US policy makers fire the bazooka... but where will the shell land?
US policy makers have responded swiftly, strongly and creatively to the macro shock of the coronavirus and the associated ‘sudden stop’ in US economic activity.
Congress has voted an unprecedented USD2.2 trn fiscal package (10.7% of GDP), which includes the sending of USD1,200 cheques to all Americans earning less than USD75,000 per year, as well as stepped-up unemployment benefits to help support consumption when the economy re-opens.
The Federal Reserve’s (Fed) actions have been unprecedented too, with quantitative easing (QE) becoming ‘unlimited’, and the launching of various creative credit easing programmes, including the buying of select corporate bonds—a step not even taken during the Global Financial Crisis.
In just two weeks, the Fed has bought USD455 bn in Treasury securities alone (2.2% of GDP), the equivalent of “putting its money where its mouth is”.
The Fed also aims to deploy a cash backstop for commercial banks in the form of the Main Street Business Lending Program (whose target size is USD 4 trn) so that they maintain the credit tap open to small businesses.
Recalling the memorable words of the White House health expert Dr Anthony Fauci (“You don’t make the timeline; the virus makes the timeline”), the real issue now is the ongoing spread of the virus and the uncertainty about the length of the economic shutdown.
The White House this weekend backpedalled on its earlier promise to reopen the economy by Easter, saying current federal guidelines on social distancing would persist until end-April (most states have taken measures that go beyond the federal guidelines, and these will be key to assessing the timeline for reopening).
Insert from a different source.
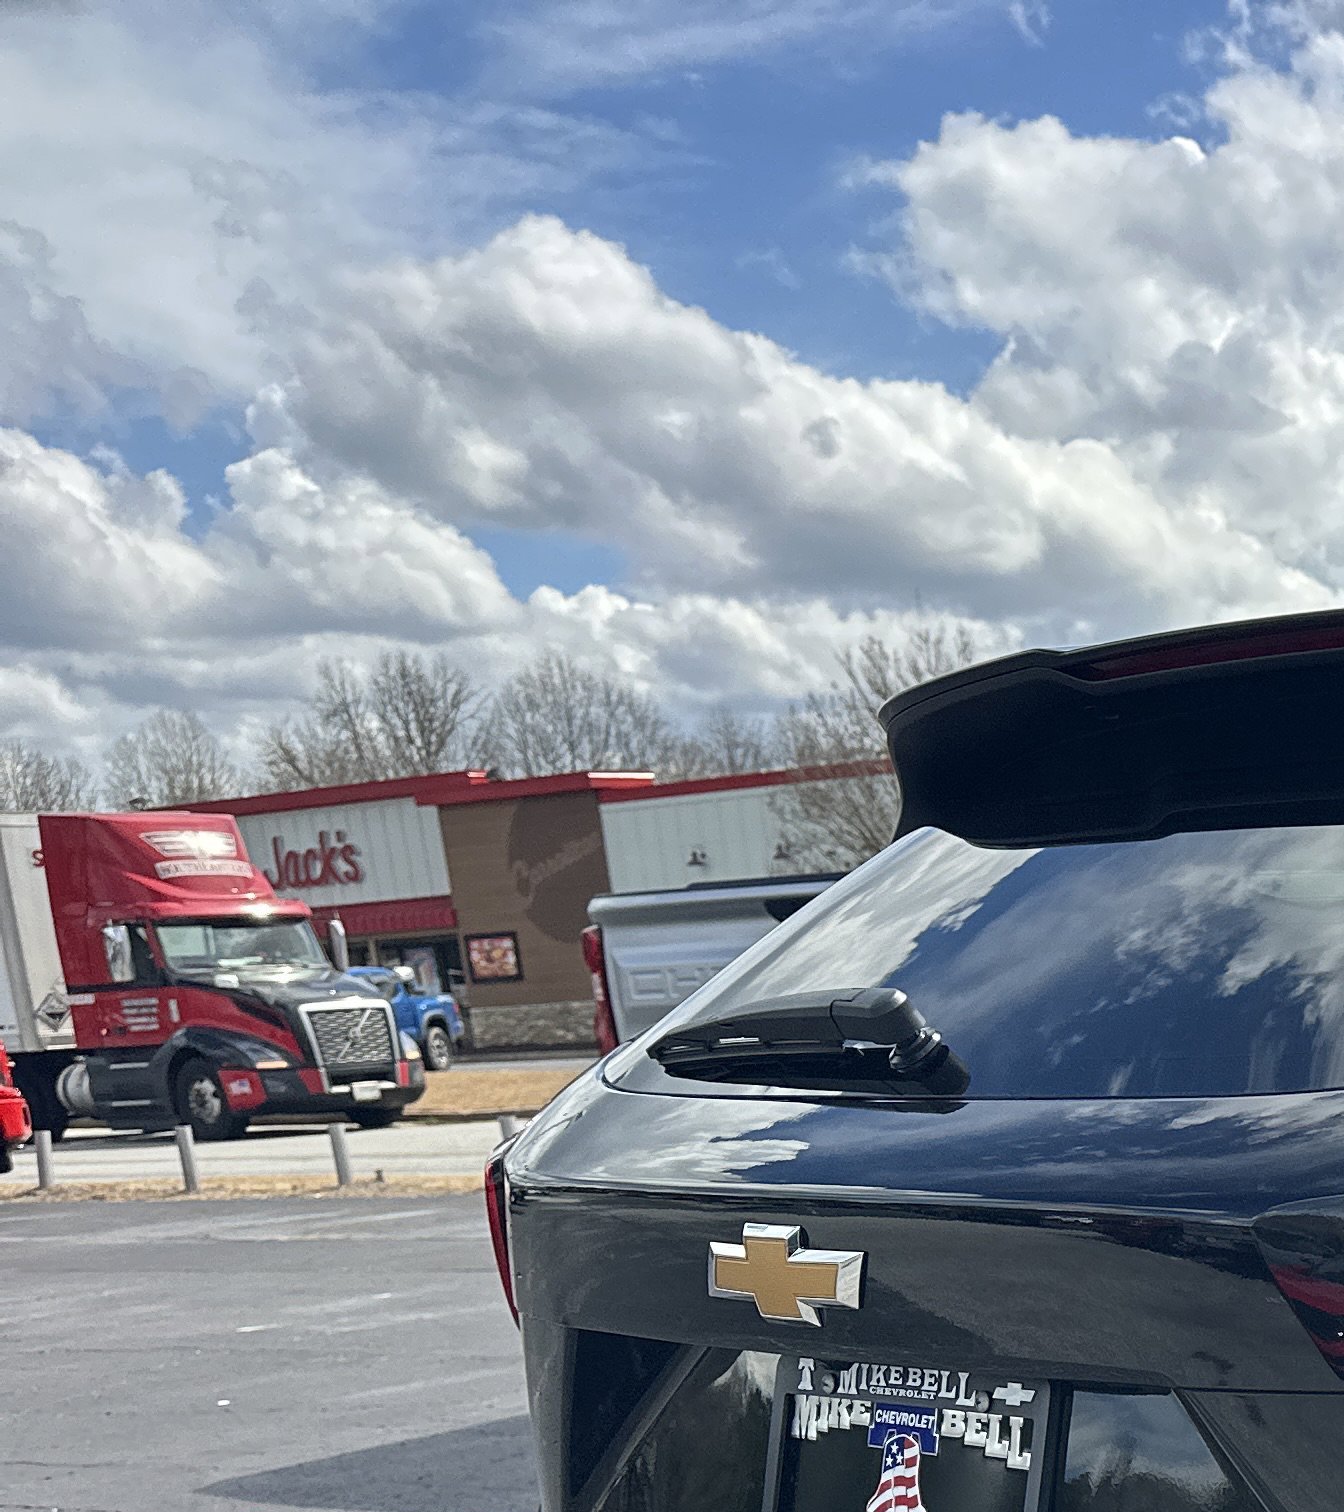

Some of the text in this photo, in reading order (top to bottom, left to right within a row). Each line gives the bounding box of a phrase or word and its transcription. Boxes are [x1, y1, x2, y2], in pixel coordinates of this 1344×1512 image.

We recently cut our 2020 US GDP growth forecast aggressively to -2.1%, but the possibility that the macro shutdown spills into May means there is a growing risk we might have to cut the forecast again. Each month of shutdown leads to an irremediable, i.e. net, decline of approx. 20% in our GDP estimates (the gross impact, which is recoverable later, is twice to three times as big).
Key is now the swift deployment of the various policy measures to help avoid the cash crunch spreading out from small businesses, leading to second-round effects on the economy. A second (and even third?) round of cheques may be needed if the shutdown spills into May.
The tightening in financial conditions (for instance seen in surging high-yield bond spreads) and the sharp drop in oil prices (which is hurting the important US shale oil sector) mean that the rebound in US activity later this year is likely to be shallow. In our central scenario, it will be Q2 22 before the US attains the same level of activity as in the final quarter of 2019.